Renfield Brings Back Nicholas Cage’s Most Underrated Role

While Renfield sees Nicholas Cage play a vampire and a terrible boss, this isn’t the first time the actor has taken on both of these roles in the same movie. Nicholas Cage has had a varied career, to say the least. He has played comic books antiheroes, action movie tough guys, cartoonish comedy protagonists, and even tragic and surprisingly poignant dramatic leads. Cage has taken on a diverse range of characters over the decades.

It is not too shocking to learn that Renfield’s Dracula isn’t the first Nicholas Cage vampire role. However, not only has Cage been a bloodsucker before, he’s specifically played an abusive boss who uses his vampirism as an excuse to mistreat his underlings. Although Cage’s most underrated movie, Vampire’s Kiss, does not have much in common with Renfield in its tone, the plots of the two movies do bear some striking similarities to one another. In both cases, Cage’s character uses vampire movie tropes to address the real-life issue of workplace bullying, an unlikely premise that works surprisingly well in Vampire’s Kiss.

Renfield Sees Cage In Vampire Mode (Again)

Renfield Brings Back Nicholas Cage’s Most Underrated Role

In Renfield, the star harnesses a brilliantly campy take on Dracula. In Vampire’s Kiss, which also happens to be Cage’s best horror movie, he plays an unhinged publishing executive who gradually descends into madness after a one-night stand with a vampire.

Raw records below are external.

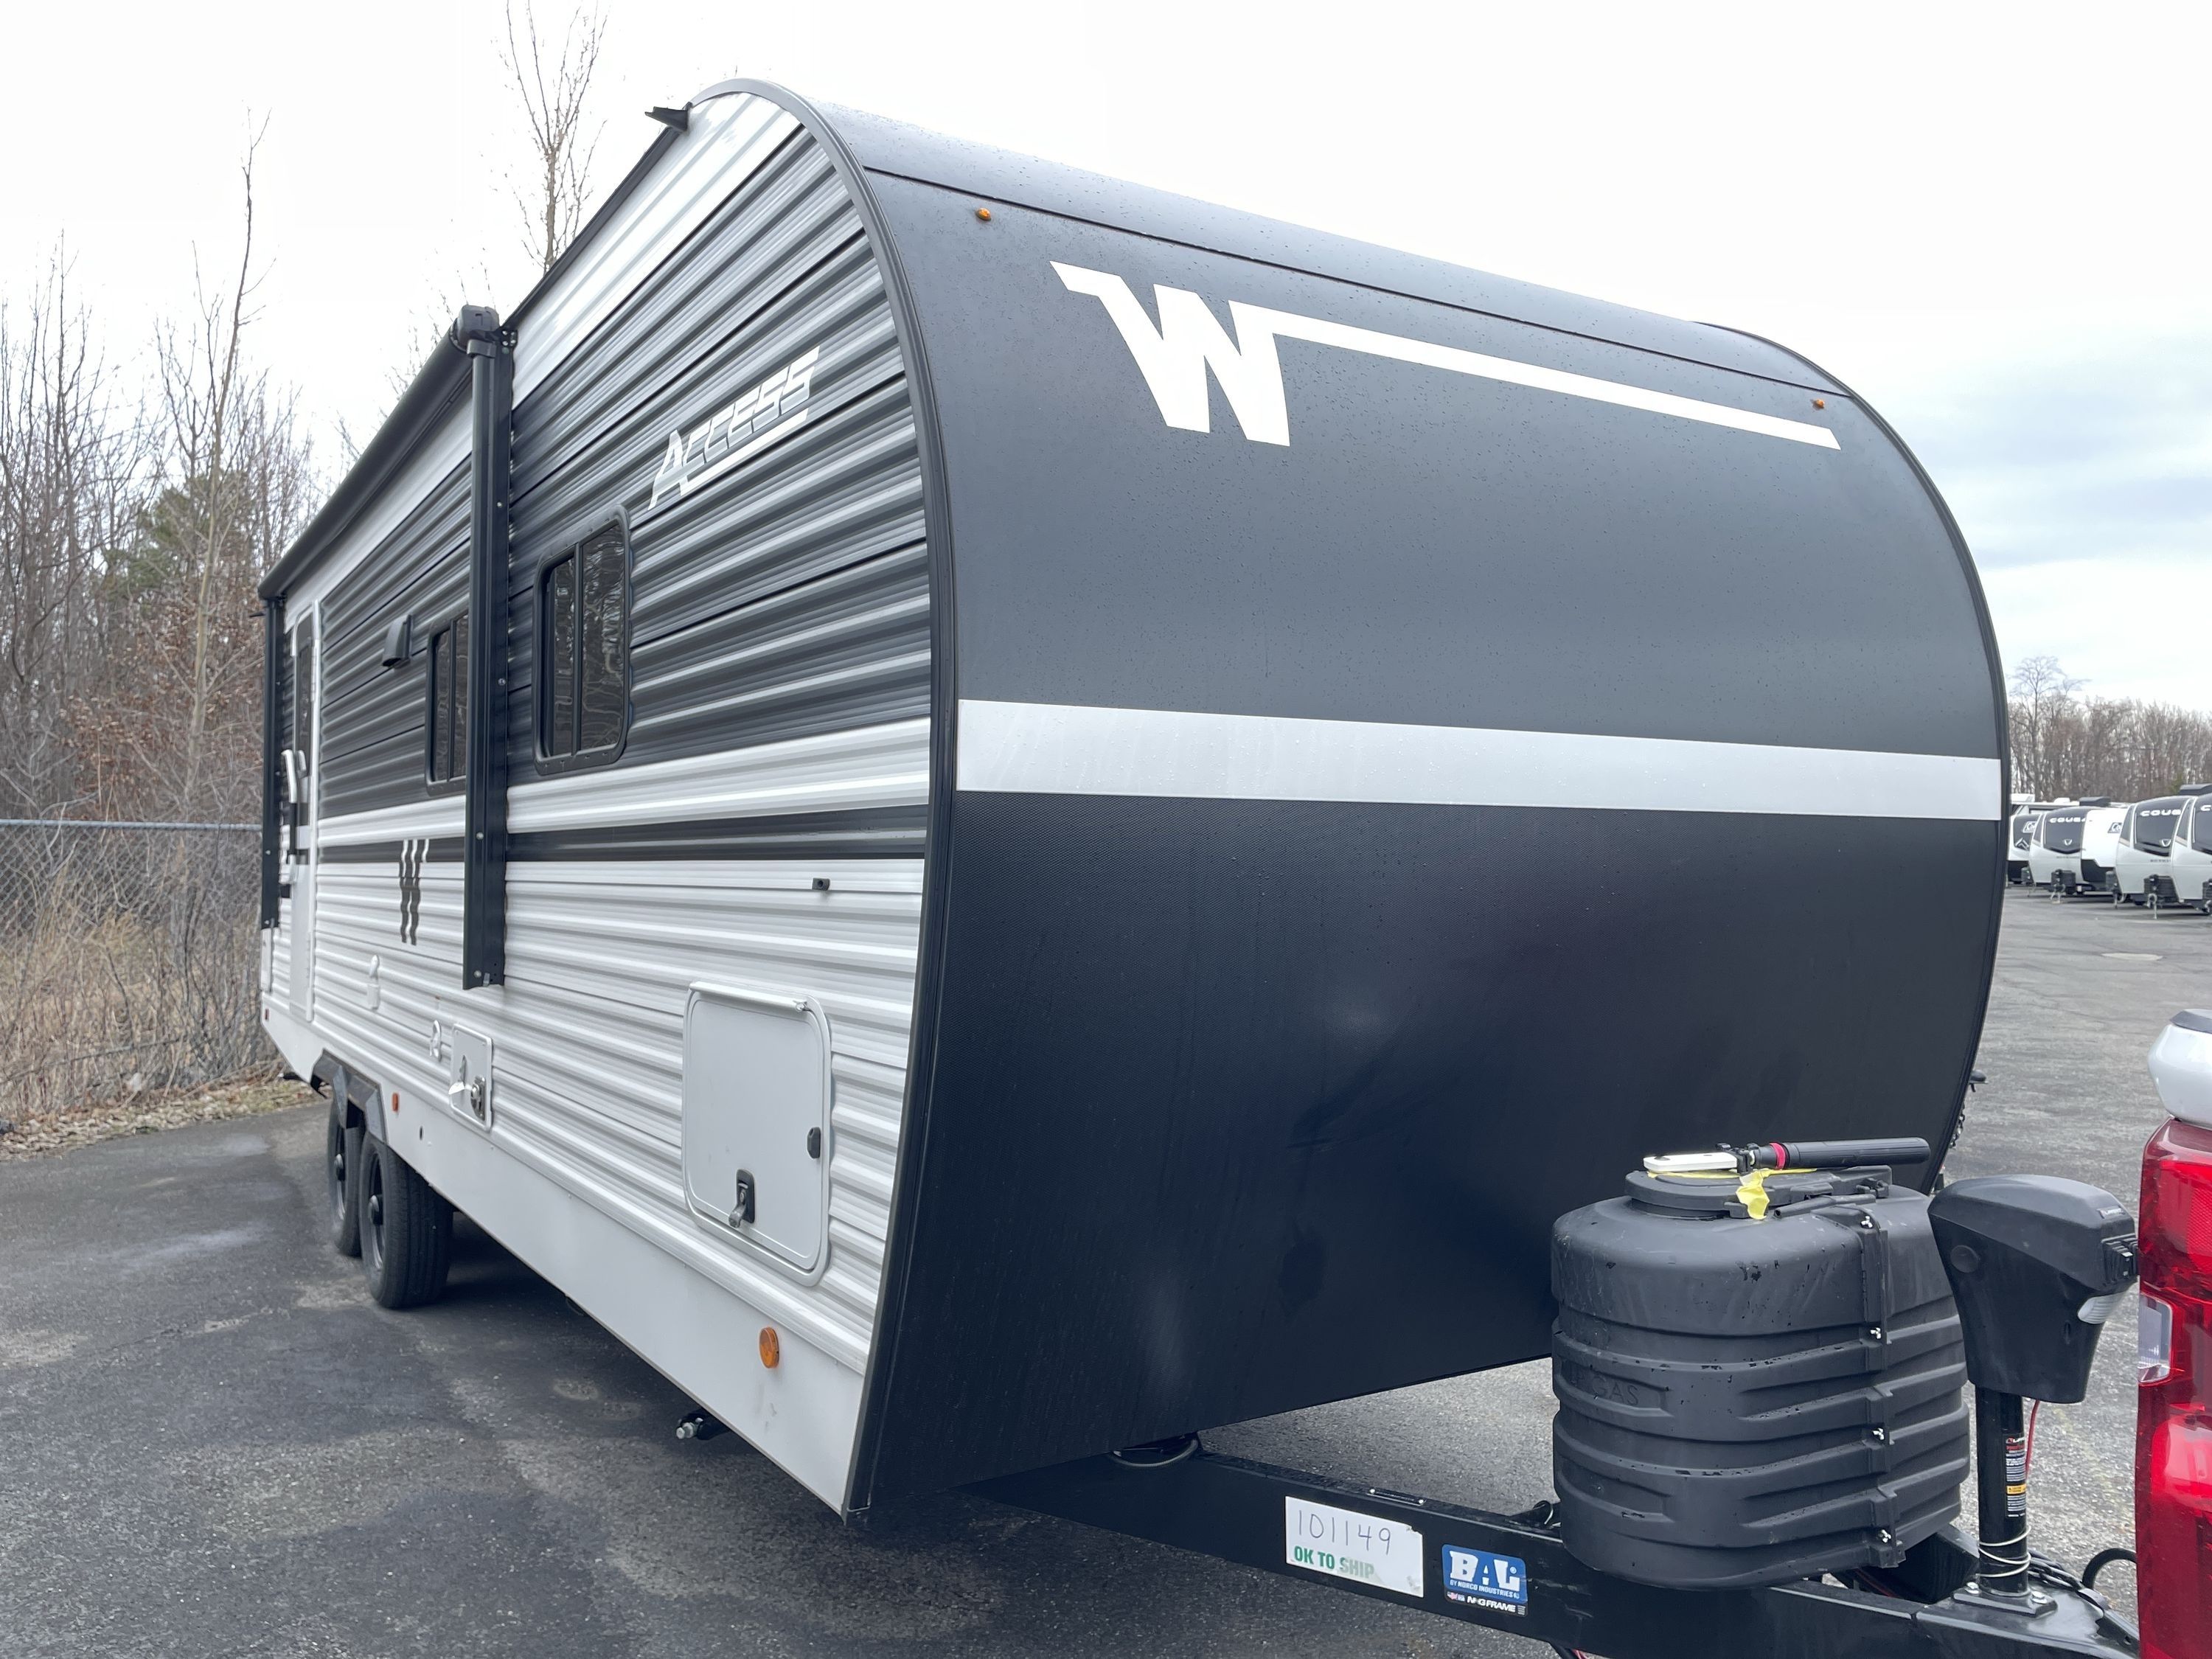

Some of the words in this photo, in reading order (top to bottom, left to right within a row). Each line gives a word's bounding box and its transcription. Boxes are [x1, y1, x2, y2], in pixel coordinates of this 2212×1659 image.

[2140, 809, 2181, 817] COUG
[1592, 1374, 1639, 1406] GAS
[1298, 1510, 1391, 1556] 101149
[1294, 1545, 1315, 1565] OK
[1318, 1551, 1335, 1570] TO
[1339, 1557, 1375, 1579] SHIP
[1449, 1550, 1520, 1592] BAL
[1458, 1581, 1478, 1591] NORCO
[1478, 1585, 1514, 1599] INDUSTRIES
[1486, 1600, 1517, 1613] FRAME

In both movies, seeing Cage ham it up as a goofy take on the mythical monster is a big part of the project’s appeal. However, the way that Renfield and Vampire’s Kiss handle vampirism and its metaphorical implications couldn’t be more different. From Renfield’s trailer alone, it’s evident that vampires exist in the world of the movie, can grant powers to their underlings, and possess supernatural powers.

However, in Vampire’s Kiss, things aren’t so clear-cut. Cage’s character is convinced that he is a vampire, and he acts unhinged and barbaric enough for viewers to believe this is true. However, like American Psycho’s ending calls the veracity of Patrick Bateman’s murder spree into question, the third act of Vampire’s Kiss gradually reveals the disparity between how Cage’s self-proclaimed “vampire” sees the world and what is actually going on around him. Vampire’s Kiss barely implies that its supernatural elements are “real” from the outset. By the end, the movie is pointedly playing up the difference between the delusions of Cage’s character and what is happening around him.

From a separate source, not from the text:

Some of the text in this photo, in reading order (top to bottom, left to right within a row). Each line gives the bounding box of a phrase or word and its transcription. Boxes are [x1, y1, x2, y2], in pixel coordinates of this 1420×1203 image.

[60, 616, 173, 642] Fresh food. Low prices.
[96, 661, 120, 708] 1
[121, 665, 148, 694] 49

Why Vampire’s Kiss Is Cage’s Most Underrated Movie

Nicolas Cage looking delirious in Vampire's Kiss

Vampire’s Kiss lacks Renfield‘s authentic supernaturalism and is revealed to be a simple story of a man losing his mind, meaning the movie hinges on Cage’s bravura performance. Luckily, Cage carries the movie, a blackly comic predecessor to American Psycho and Fight Club that could have been a tonal mess if not for the actor’s superb central turn. While Nicholas Cage’s take on Dracula will likely be a more broadly comedic and less subtly tragic figure in Renfield, his troubled Vampire’s Kiss character is a surprisingly moving portrayal of privilege wreaking havoc on innocent lives in a doomed search for meaningful connection, making it his most underrated movie.

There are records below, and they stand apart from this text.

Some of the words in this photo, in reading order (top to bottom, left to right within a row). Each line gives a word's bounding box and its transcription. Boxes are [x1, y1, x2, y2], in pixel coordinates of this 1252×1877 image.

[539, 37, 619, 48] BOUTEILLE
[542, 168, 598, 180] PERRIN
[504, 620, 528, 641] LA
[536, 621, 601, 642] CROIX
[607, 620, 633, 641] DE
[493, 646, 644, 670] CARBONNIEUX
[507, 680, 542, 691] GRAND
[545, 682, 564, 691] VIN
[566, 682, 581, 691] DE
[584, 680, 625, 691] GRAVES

Why Renfield Will Be Different From Vampire’s Kiss

Renfield Nicolas Cage Dracula

Already, the action heroics seen in the trailer for Renfield, along with the more conventionally comedic tone and lack of trippy ambiguity, mark the movie out as a campy horror comedy instead of an offbeat, satirical character study like Vampire’s Kiss. Even more so than the comparable American Psycho, Vampire’s Kiss is a strange, discomfiting movie whose meme-able moments jar with its surprisingly bleak portrayal of workplace abuse and its grim, abrupt ending. In contrast, the titular hero gains superpowers from eating insects in Renfield, proving the project is much lighter in tone and less ambitiously confrontational.

For all of its fun scenes and the memorable comedic flourishes of Cage’s performance, Vampire’s Kiss is ultimately a tragicomedy with a brutal dénouement. Vampire’s Kiss has none of Renfield‘s cartoon action heroics nor the sweetness glimpsed in its (admittedly gory) first trailer. In contrast, Renfield will allow Cage to once again play a vampire while, this time, cutting loose and taking the role in a more straightforwardly comedic direction. As a result, Renfield should be able to offer a nod to Cage’s most underrated performance while providing a sillier, more palatable take on vampire stories than the actor’s earlier, underrated outing.